Variable selection is incorporated through binary inclusion indicators γ_j for each variable j. When γ_j = 1 the variable contributes to the cluster‑specific categorical parameters; when γ_j = 0 the variable follows a global “null” categorical distribution Φ₀_j that does not depend on the cluster label. γ_j follows a Bernoulli(δ_j) prior, and δ_j itself has a Beta(a) hyper‑prior, allowing the data to drive the inclusion probability of each feature. This mechanism is crucial for high‑dimensional ‘omics’ data where only a subset of genes, methylation sites, or proteins carry discriminative information.

The variational approximation uses a mean‑field factorisation q(θ) = q(Z) q(π) q(Φ) q(γ) q(δ), where Z denotes latent cluster assignments. Closed‑form update equations (provided in the Supplementary Material) are derived for all factors, and Φ₀_j is pre‑computed to speed up iterations. Because the Evidence Lower Bound (ELBO) is non‑convex, VI can converge to local optima that depend heavily on initialization. To mitigate this, VICatMix runs the algorithm M times with different random seeds, then aggregates the resulting clusterings using a co‑clustering matrix P, where P_{ij} is the proportion of runs in which observations i and j share the same cluster. This matrix is analogous to the posterior similarity matrix used in MCMC post‑processing. Two summarisation strategies are explored: (1) hierarchical clustering on the distance 1 − P (the “Medvedovic” method) and (2) variation of information (VI) optimisation with “average” or “complete” linkage. The final consensus clustering Z* is denoted VICatMix‑Avg.

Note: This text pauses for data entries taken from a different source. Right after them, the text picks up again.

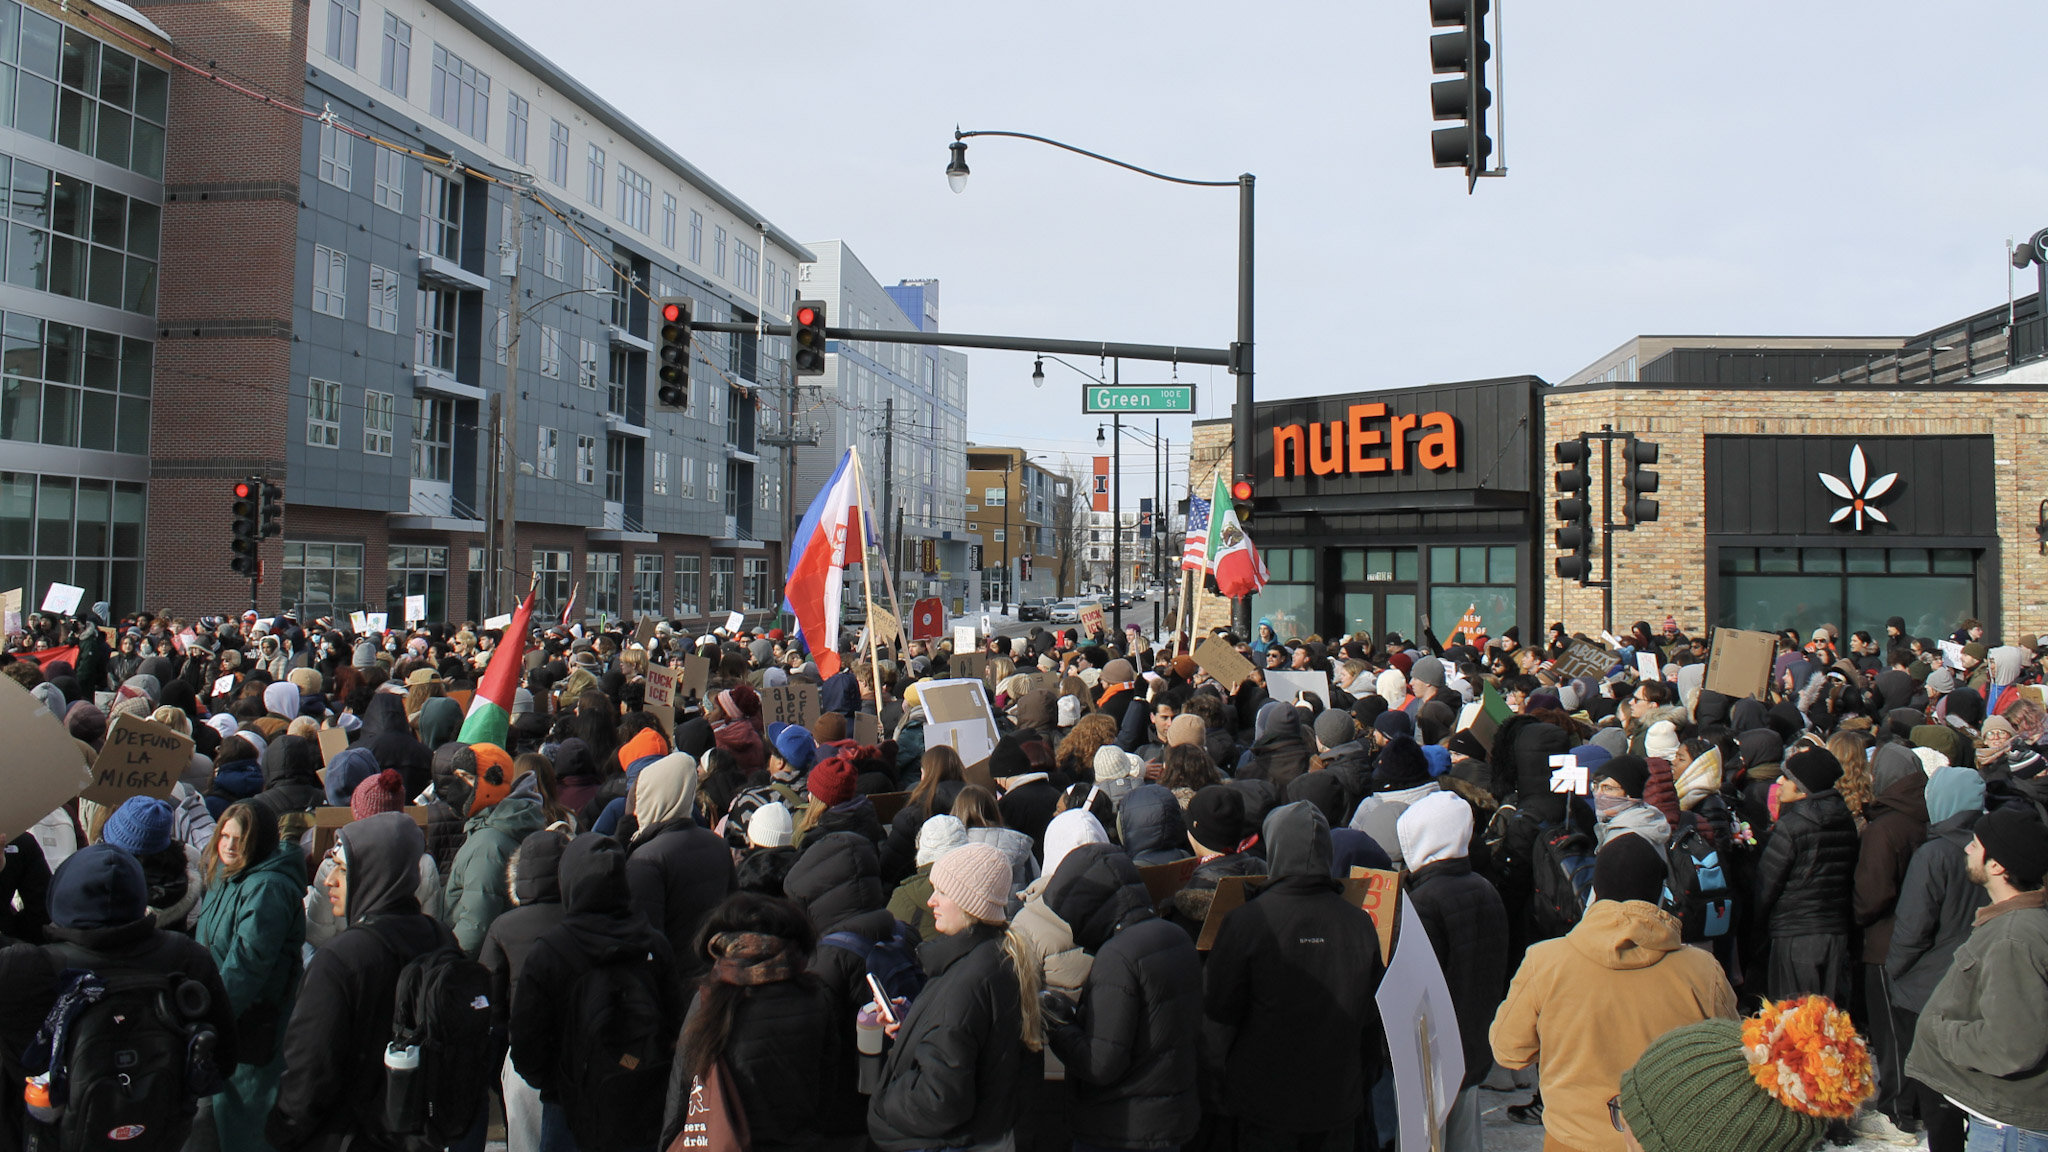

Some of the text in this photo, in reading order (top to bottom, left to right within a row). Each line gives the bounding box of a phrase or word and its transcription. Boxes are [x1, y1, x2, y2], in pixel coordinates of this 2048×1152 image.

[1097, 389, 1151, 409] Green
[1161, 390, 1182, 398] 100 E
[1166, 400, 1176, 408] St
[1273, 403, 1456, 477] nuEra
[1095, 475, 1107, 493] I
[1082, 610, 1102, 624] FUCK
[1557, 655, 1598, 678] ICE
[648, 671, 673, 688] FUCK
[649, 686, 668, 702] ICE!
[114, 728, 180, 750] DEFUND
[127, 751, 152, 764] LA
[98, 769, 169, 788] MIGRA
[684, 1122, 706, 1132] sera

Variable selection is summarised across runs by computing the frequency with which each γ_j equals 1, then applying thresholds (τ = 0.5 or 0.95) to obtain a final set of selected features. This provides a principled way to assess feature saliency and yields interpretable biomarker lists.

The authors evaluate VICatMix on both simulated data and real TCGA datasets. Simulations generate binary observations with cluster‑specific Bernoulli probabilities drawn from a Beta(1, 5) distribution, creating sparse and heterogeneous signals. VICatMix outperforms BayesBinMix, mclust, FlexMix, and other competitors in Adjusted Rand Index, variable recovery rate, and runtime (seconds versus minutes/hours).

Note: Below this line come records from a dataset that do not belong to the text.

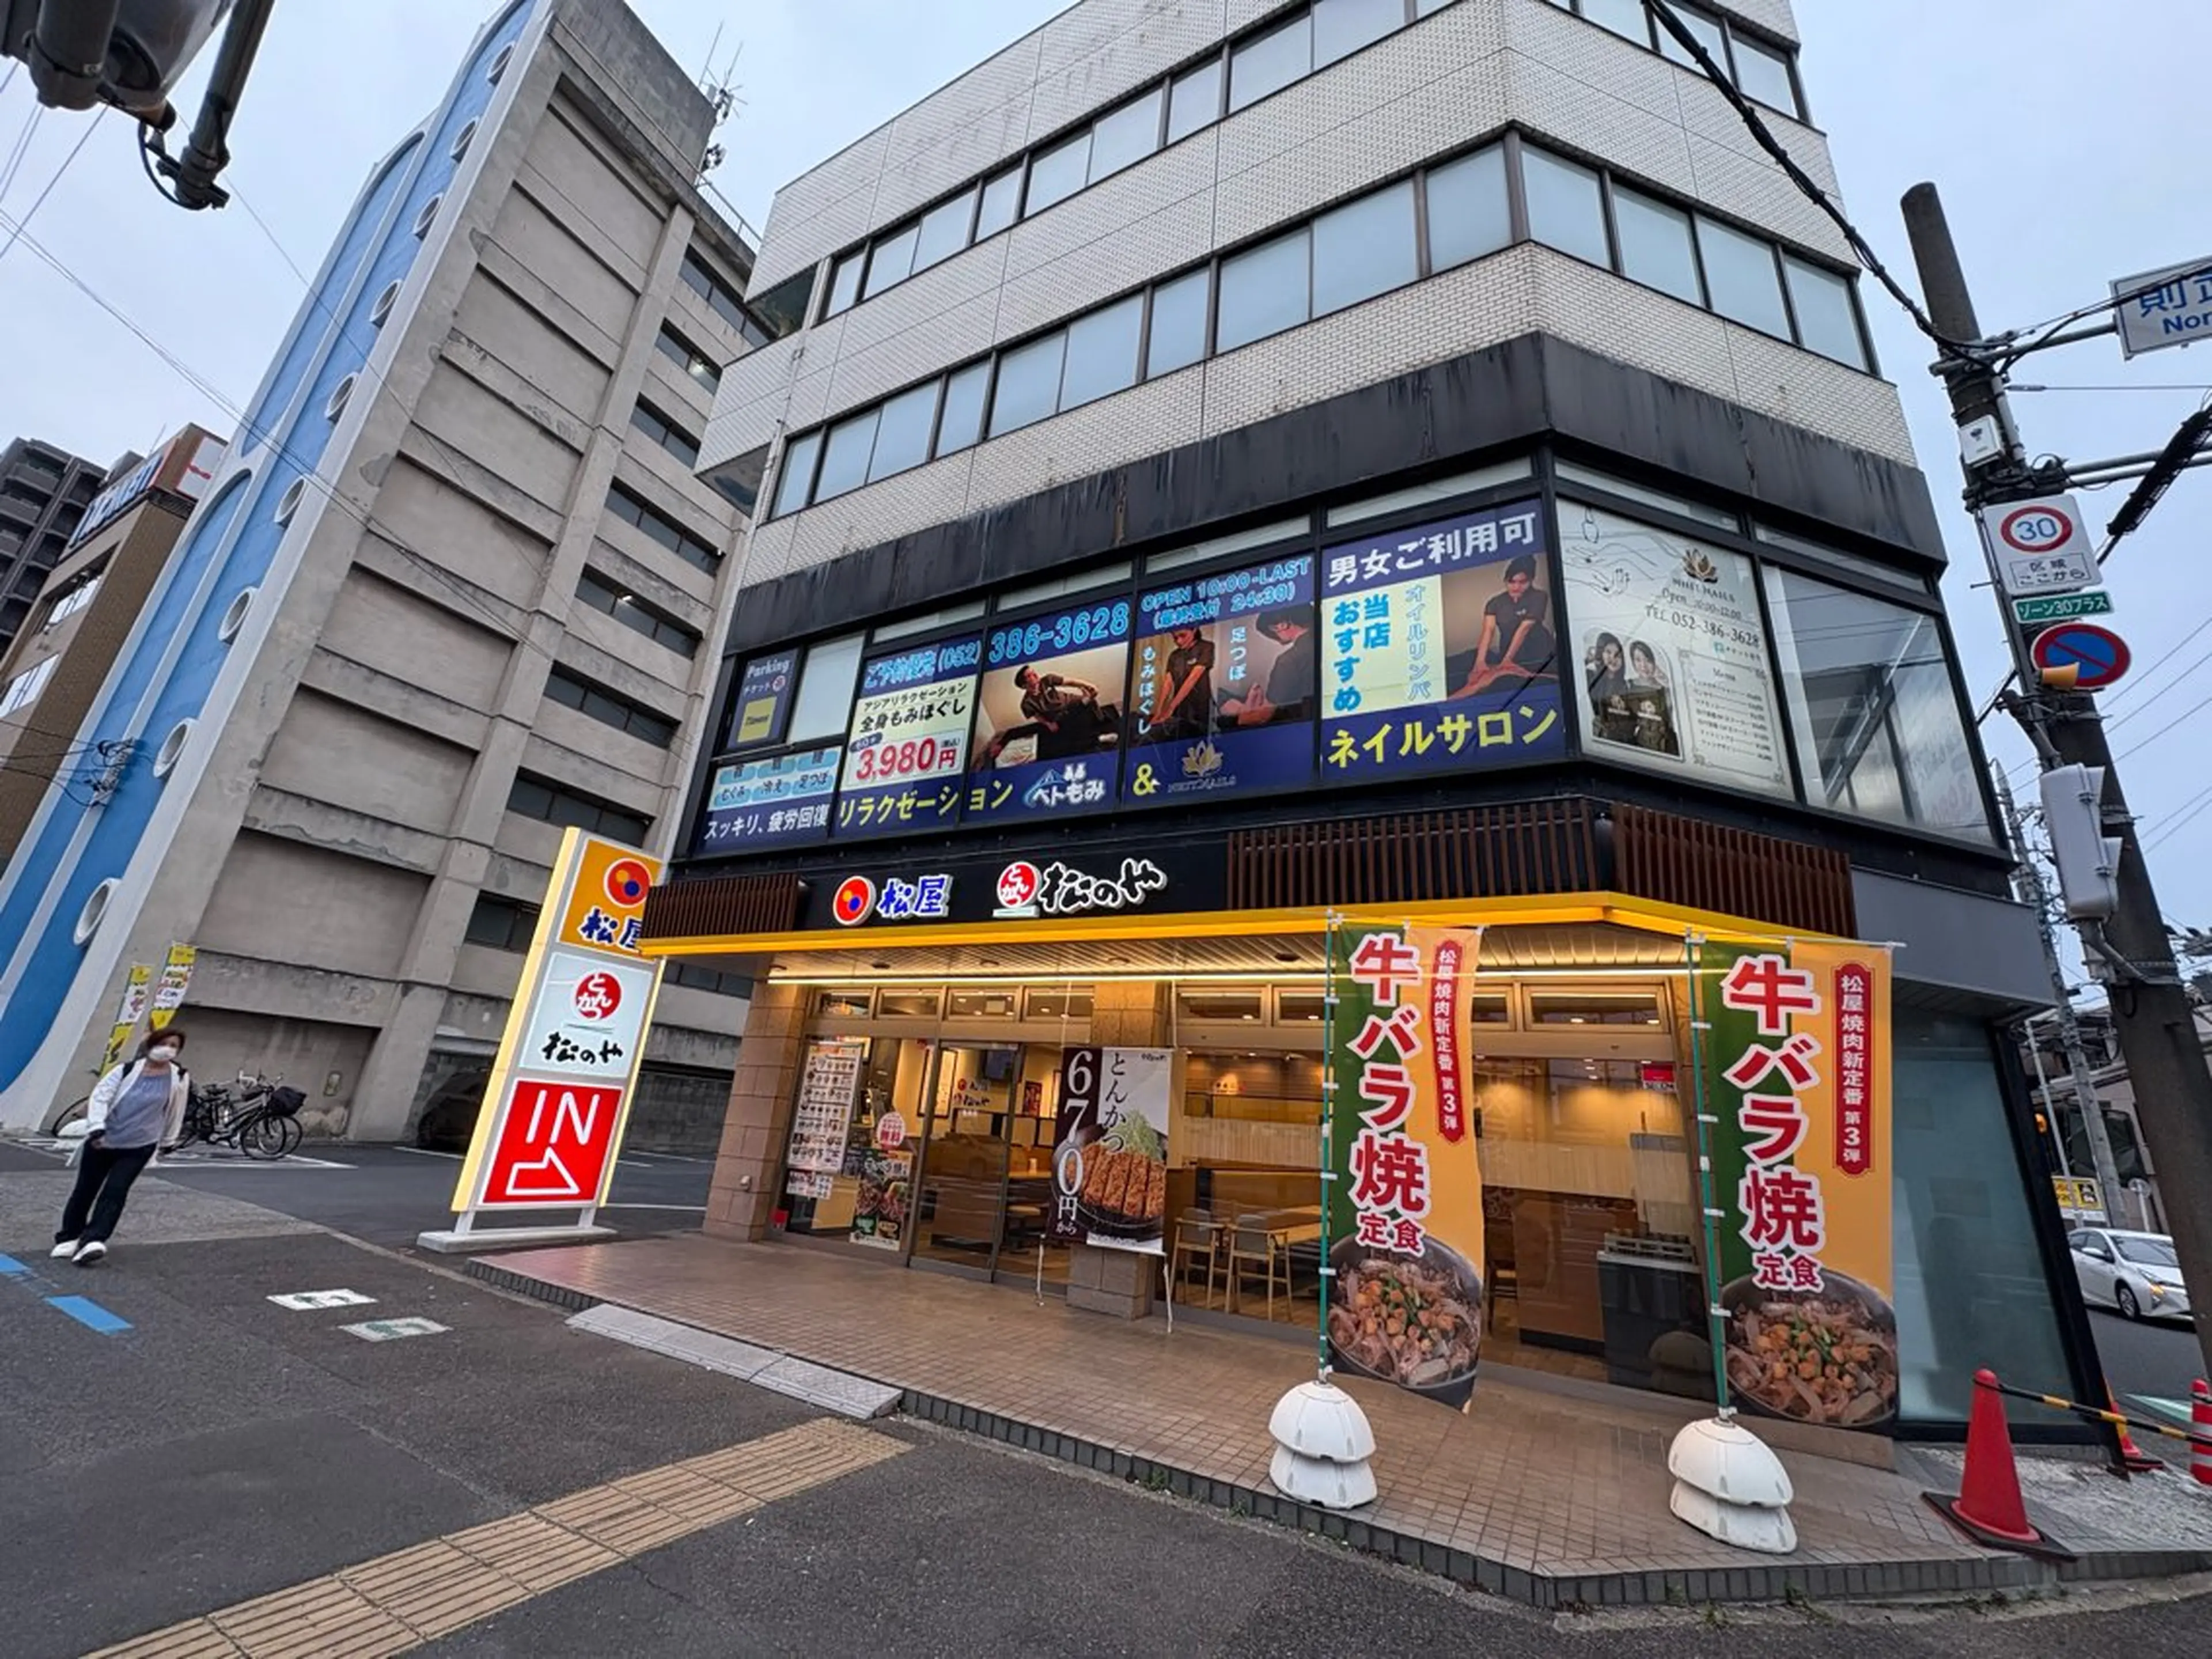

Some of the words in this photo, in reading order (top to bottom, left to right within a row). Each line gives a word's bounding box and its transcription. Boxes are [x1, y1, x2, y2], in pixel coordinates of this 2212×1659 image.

[1328, 512, 1536, 587] 男女ご利用可
[2017, 517, 2058, 540] 30
[1141, 586, 1192, 612] OPEN
[2019, 568, 2085, 585] ここから
[988, 602, 1130, 664] 386-3628
[1362, 593, 1391, 650] 当店
[747, 658, 790, 679] Parking
[1228, 626, 1247, 681] 足つぼ
[1333, 601, 1362, 713] おすすめ
[1138, 646, 1156, 735] もみほぐし
[859, 699, 966, 733] 全身もみほぐし
[1327, 706, 1557, 768] ネイルサロン
[839, 779, 1014, 828] リラクゼーション
[1032, 779, 1105, 806] ベトもみ
[1132, 763, 1154, 796] &
[877, 873, 950, 918] 松屋
[1037, 857, 1167, 914] 松のや
[577, 971, 613, 1020] とんかつ
[542, 1032, 624, 1065] 松のや
[1351, 934, 1427, 1217] 牛バラ焼
[525, 1089, 601, 1145] IN
[1102, 1052, 1128, 1153] とんかつ
[1726, 957, 1822, 1250] 牛バラ焼
[1358, 1211, 1424, 1255] 定食
[1755, 1253, 1822, 1289] 定食

In TCGA applications, multiple ‘omics’ layers (DNA methylation, gene expression, miRNA‑seq, copy‑number variation) are jointly clustered. VICatMix reproduces known cancer subtypes with high concordance, discovers novel sub‑clusters, and identifies driver genes and epigenetic markers that are enriched in the selected variable set. The consensus averaging step reduces spurious singleton clusters and improves stability across runs. Computationally, the R package (with C++ acceleration via RcppArmadillo) completes analyses of several thousand samples in under five minutes on a standard workstation, a substantial speed‑up over MCMC‑based Bayesian non‑parametric models.

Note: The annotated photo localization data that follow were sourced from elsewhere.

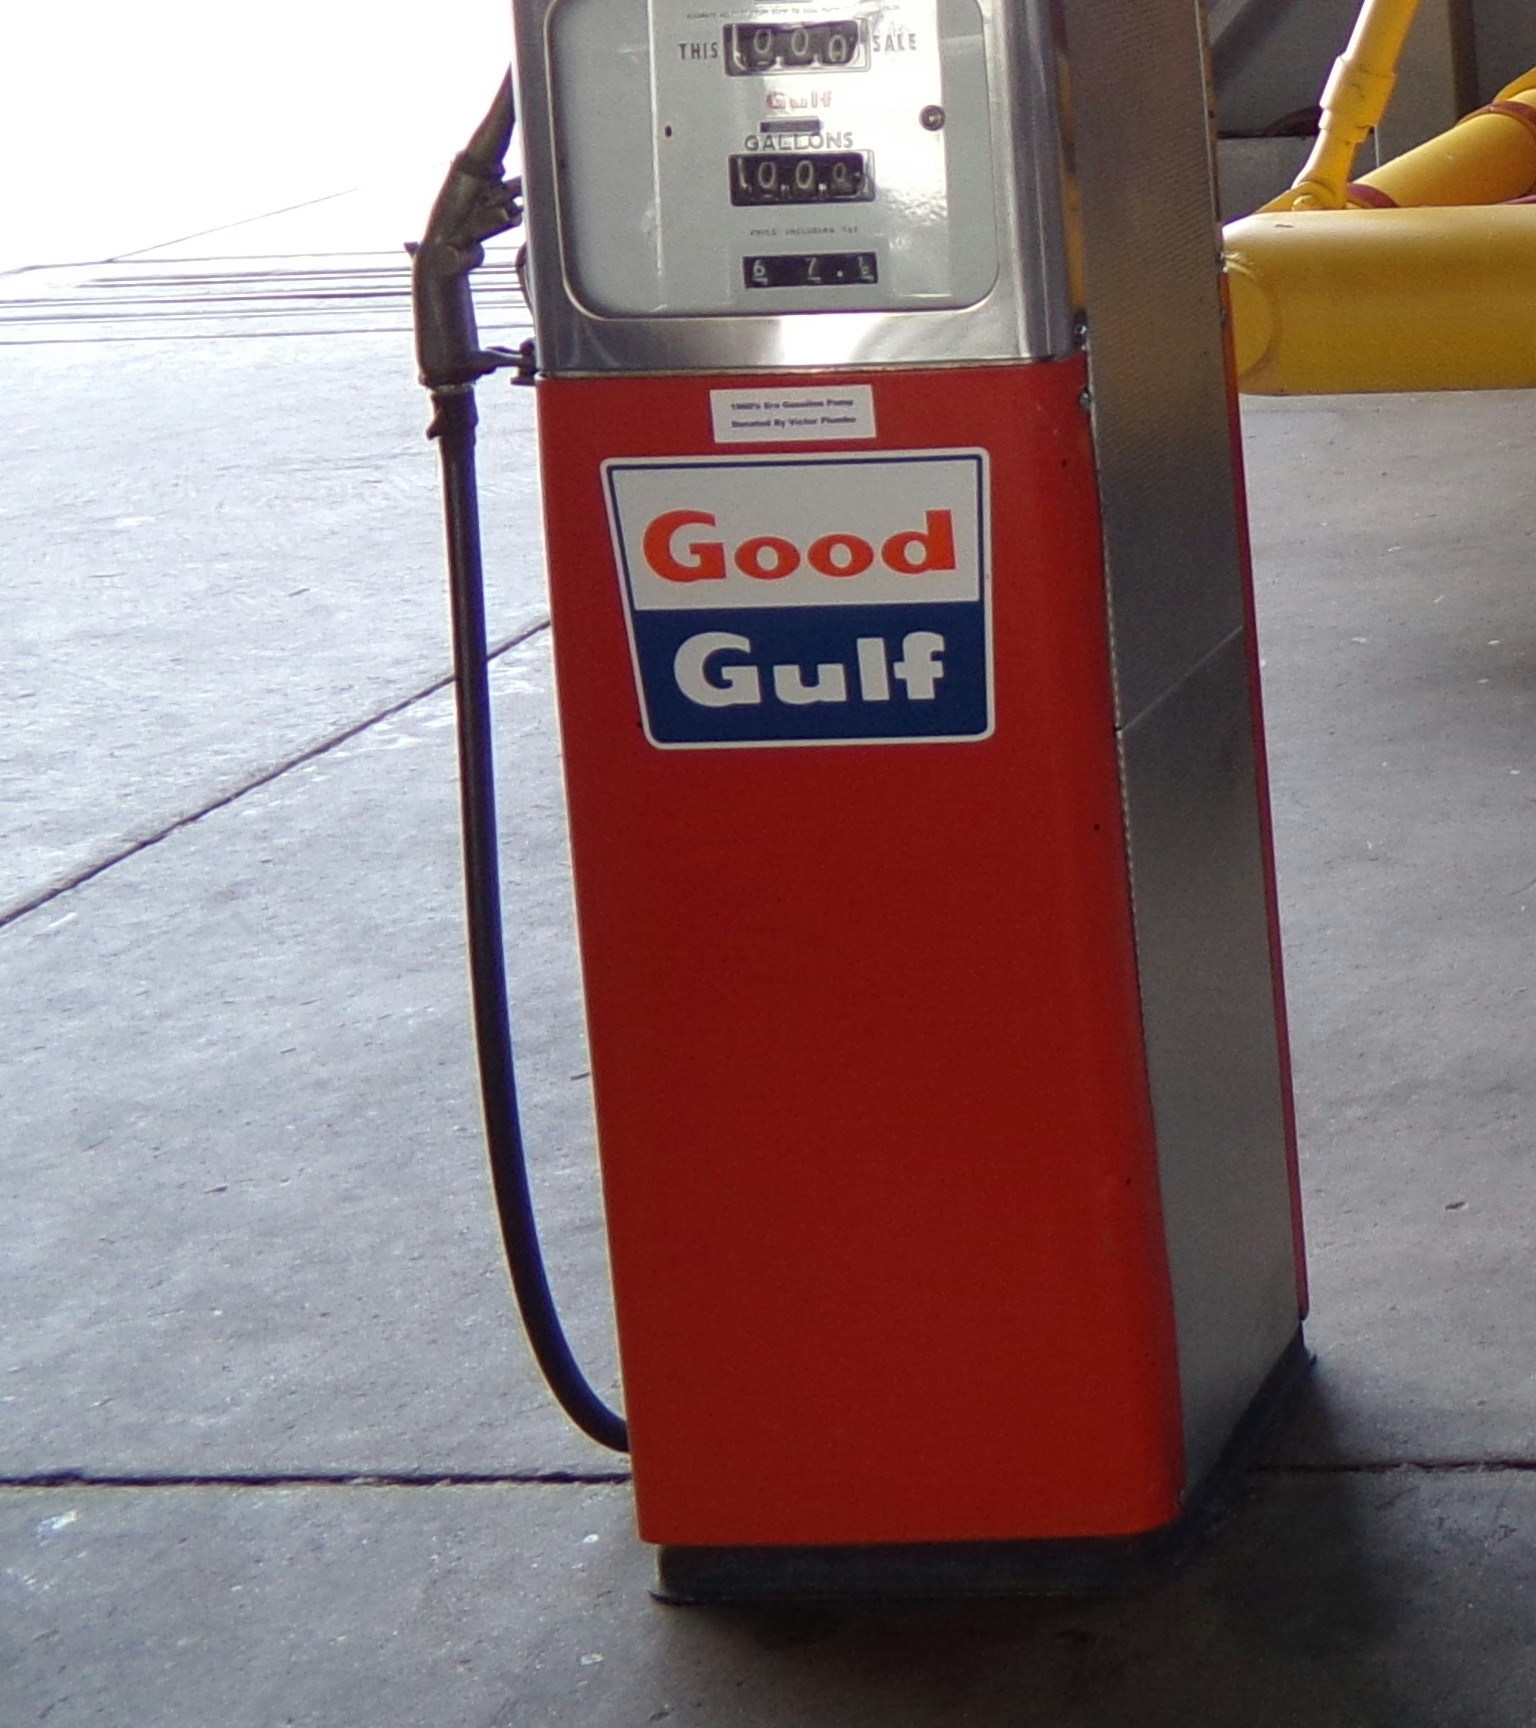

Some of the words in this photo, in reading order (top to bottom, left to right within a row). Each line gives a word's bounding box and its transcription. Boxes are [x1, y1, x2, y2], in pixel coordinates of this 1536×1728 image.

[679, 42, 720, 61] THIS
[872, 32, 918, 53] SALE
[765, 89, 833, 110] Gulf
[744, 131, 855, 152] GALLONS
[643, 509, 956, 583] Good
[674, 631, 945, 708] Gulf

Limitations discussed include the inherent bias of variational approximations, sensitivity to hyper‑parameters (α₀, a), and increased memory usage when K and P are extremely large. The current implementation handles only categorical variables; extending to mixed continuous‑categorical data or to Dirichlet‑process mixtures is left for future work. The authors propose automatic hyper‑parameter tuning, stronger sparsity‑inducing priors, online variational updates for streaming data, and integration with other multi‑view clustering frameworks.

In summary, VICatMix combines variational Bayesian inference, over‑fitted mixture modeling, and Bayesian model averaging to deliver fast, accurate, and interpretable clustering of high‑dimensional discrete biomedical data, with built‑in variable selection that highlights biologically relevant features. The method fills a gap between computational efficiency and statistical rigor, making it a valuable tool for precision medicine and multi‑omics integration.